Part of the debate – in the Senedd at 4:18 pm on 3 October 2017.
Llywydd, I don’t say that those points are not points that need to be considered, but all I have said today is that we intend to consider things, and we will consider the positive case that has been made and we will take into account those arguments that tell us why we might need to proceed carefully. I just wanted to be clear about the status of what I had announced this afternoon.
Adam Price made a series of important points about the agreement that has been reached with Plaid Cymru. We are a Government without a majority.
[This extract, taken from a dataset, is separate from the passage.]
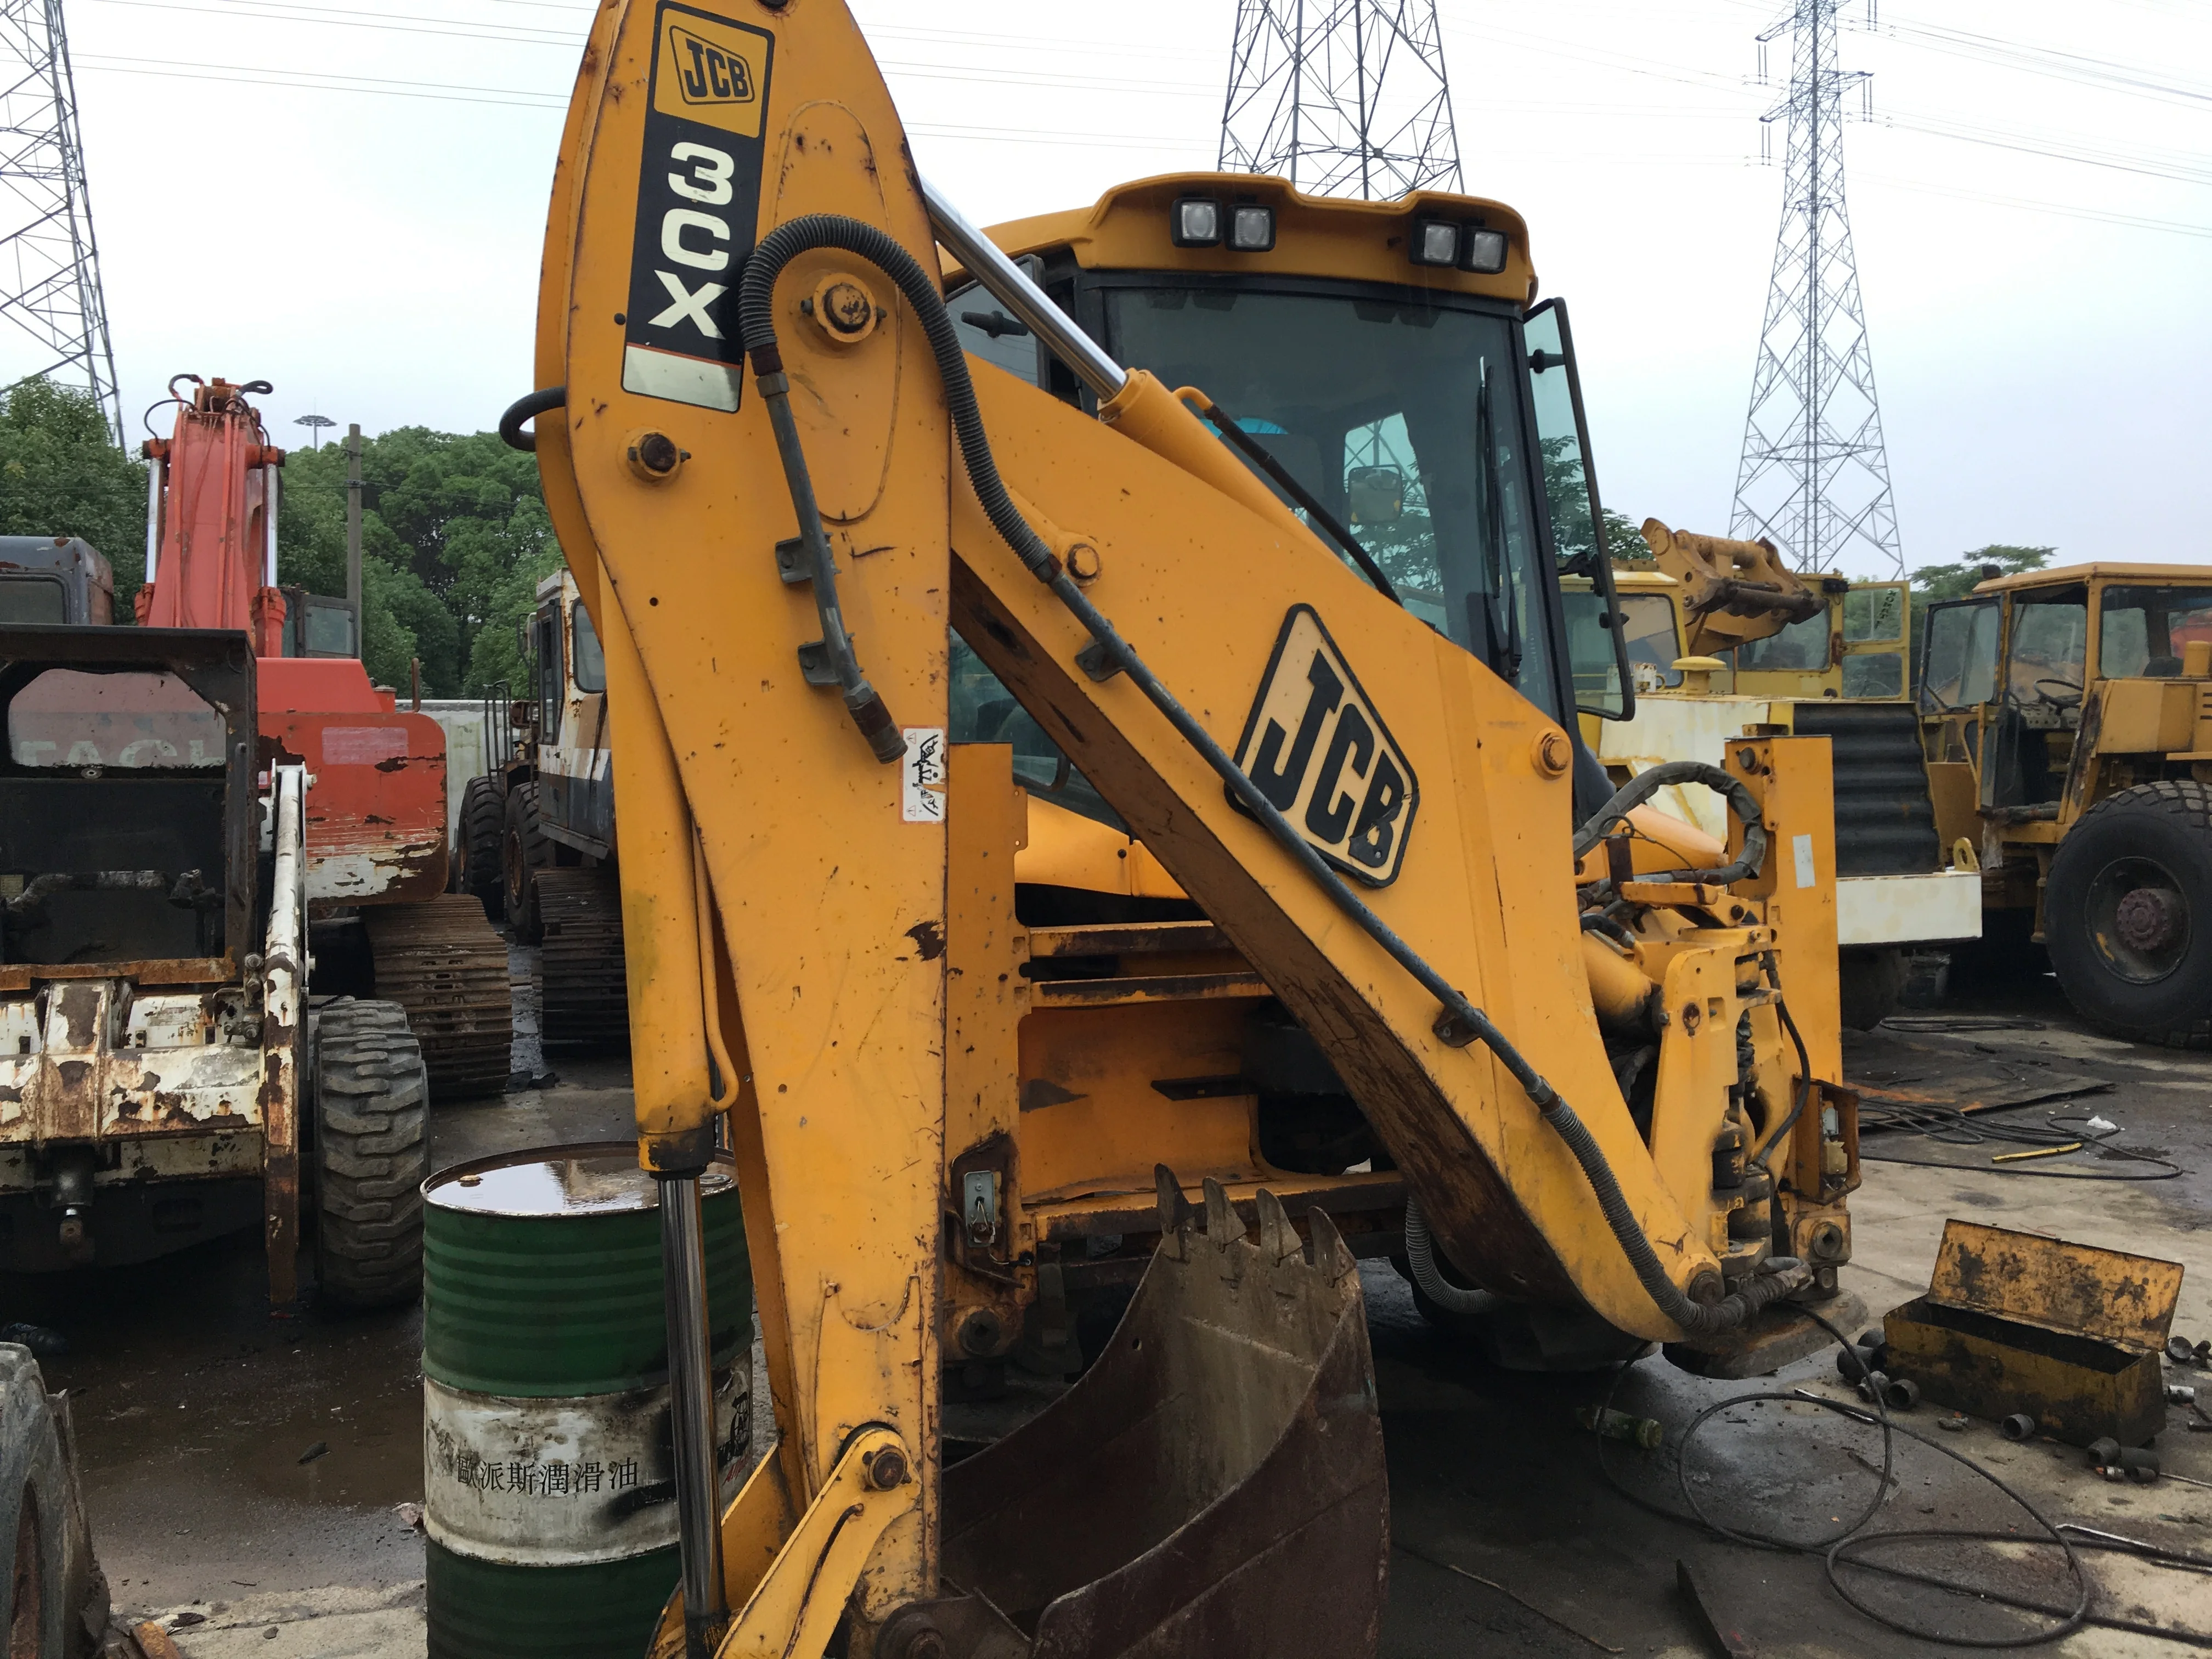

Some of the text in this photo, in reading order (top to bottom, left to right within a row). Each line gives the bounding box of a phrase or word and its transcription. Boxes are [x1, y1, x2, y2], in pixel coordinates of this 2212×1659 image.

[684, 37, 749, 98] JCB
[648, 142, 735, 340] 3CX
[1248, 648, 1405, 868] JCB
The First Minister said, back in the early summer of 2016 when this Assembly term began, that a Government in our position needs to be able to listen to ideas from other parts of the Chamber and to try to reach agreement where that is possible, and the very careful work that’s gone on over the summer has allowed us to do that. We don’t agree on everything, as Adam Price set out, but the things we have been able to agree on are important, they will make a difference, and they were outlined by him.
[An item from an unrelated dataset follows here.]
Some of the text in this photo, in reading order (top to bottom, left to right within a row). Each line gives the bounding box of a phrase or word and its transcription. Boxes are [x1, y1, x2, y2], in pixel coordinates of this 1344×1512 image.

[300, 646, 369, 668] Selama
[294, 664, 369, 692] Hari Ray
Llywydd, I listened, all the way through, to what Neil Hamilton had to say. I almost stopped at one point, but I did continue listening. I think it’s the sort of contribution where the idea of a ‘stream of semi-consciousness’ is the best way to describe it. I did nearly stop listening at the point when he tried to persuade me that I was living in an era of fiscal profligacy and that what people in Wales have had to endure for the last eight years is—and I think I’m quoting him exactly—‘the opposite of austerity’. Well, it does not feel like that, I can tell him, to people who live in my constituency who find that their wages have not gone up over that period, that their services have had to be cut back, and that their prospects of anything better are receding ever further into the future.